**Your assignment:**
In the entries below, return only the line containing "this 1280×1280 image." and those after it, exactly, through the last line.

++++++++++++++++++++

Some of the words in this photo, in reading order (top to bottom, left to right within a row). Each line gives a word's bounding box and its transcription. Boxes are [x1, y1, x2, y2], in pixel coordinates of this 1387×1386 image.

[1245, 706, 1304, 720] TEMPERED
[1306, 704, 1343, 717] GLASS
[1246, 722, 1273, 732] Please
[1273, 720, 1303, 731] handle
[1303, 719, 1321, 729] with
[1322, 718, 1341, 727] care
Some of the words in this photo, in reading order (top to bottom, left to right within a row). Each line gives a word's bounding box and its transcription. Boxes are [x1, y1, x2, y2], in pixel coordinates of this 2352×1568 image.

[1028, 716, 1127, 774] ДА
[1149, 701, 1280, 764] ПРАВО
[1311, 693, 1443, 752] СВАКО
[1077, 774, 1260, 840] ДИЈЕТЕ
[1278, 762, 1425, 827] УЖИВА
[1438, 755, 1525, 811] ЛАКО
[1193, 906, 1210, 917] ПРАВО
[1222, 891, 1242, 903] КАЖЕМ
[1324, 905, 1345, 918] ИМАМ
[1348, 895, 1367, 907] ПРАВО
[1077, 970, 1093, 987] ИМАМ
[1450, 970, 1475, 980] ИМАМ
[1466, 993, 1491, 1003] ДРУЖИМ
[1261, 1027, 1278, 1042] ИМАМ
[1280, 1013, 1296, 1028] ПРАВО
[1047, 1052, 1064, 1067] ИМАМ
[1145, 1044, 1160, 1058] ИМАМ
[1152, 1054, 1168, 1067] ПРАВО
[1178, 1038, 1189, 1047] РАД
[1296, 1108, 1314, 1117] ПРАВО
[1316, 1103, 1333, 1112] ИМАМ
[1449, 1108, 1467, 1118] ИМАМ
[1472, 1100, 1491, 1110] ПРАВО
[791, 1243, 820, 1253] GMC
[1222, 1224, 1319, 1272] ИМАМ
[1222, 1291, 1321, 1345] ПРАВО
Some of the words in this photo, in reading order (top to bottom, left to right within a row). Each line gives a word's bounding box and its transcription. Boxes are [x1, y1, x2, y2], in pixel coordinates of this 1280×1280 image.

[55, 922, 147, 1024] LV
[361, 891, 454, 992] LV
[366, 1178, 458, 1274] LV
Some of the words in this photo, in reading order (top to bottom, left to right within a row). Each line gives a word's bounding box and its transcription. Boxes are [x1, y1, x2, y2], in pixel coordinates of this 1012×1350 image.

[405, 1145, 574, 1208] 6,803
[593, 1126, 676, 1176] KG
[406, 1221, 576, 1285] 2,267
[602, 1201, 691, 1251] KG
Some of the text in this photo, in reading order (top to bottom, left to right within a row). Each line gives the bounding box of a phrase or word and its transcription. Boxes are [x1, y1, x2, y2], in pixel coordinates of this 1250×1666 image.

++++++++++++++++++++

**Solution below:**
Some of the words in this photo, in reading order (top to bottom, left to right within a row). Each line gives a word's bounding box and its transcription. Boxes are [x1, y1, x2, y2], in pixel coordinates of this 1280×1280 image.

[55, 922, 147, 1024] LV
[361, 891, 454, 992] LV
[366, 1178, 458, 1274] LV
Some of the words in this photo, in reading order (top to bottom, left to right within a row). Each line gives a word's bounding box and its transcription. Boxes are [x1, y1, x2, y2], in pixel coordinates of this 1012×1350 image.

[405, 1145, 574, 1208] 6,803
[593, 1126, 676, 1176] KG
[406, 1221, 576, 1285] 2,267
[602, 1201, 691, 1251] KG
Some of the text in this photo, in reading order (top to bottom, left to right within a row). Each line gives the bounding box of a phrase or word and its transcription. Boxes are [x1, y1, x2, y2], in pixel coordinates of this 1250×1666 image.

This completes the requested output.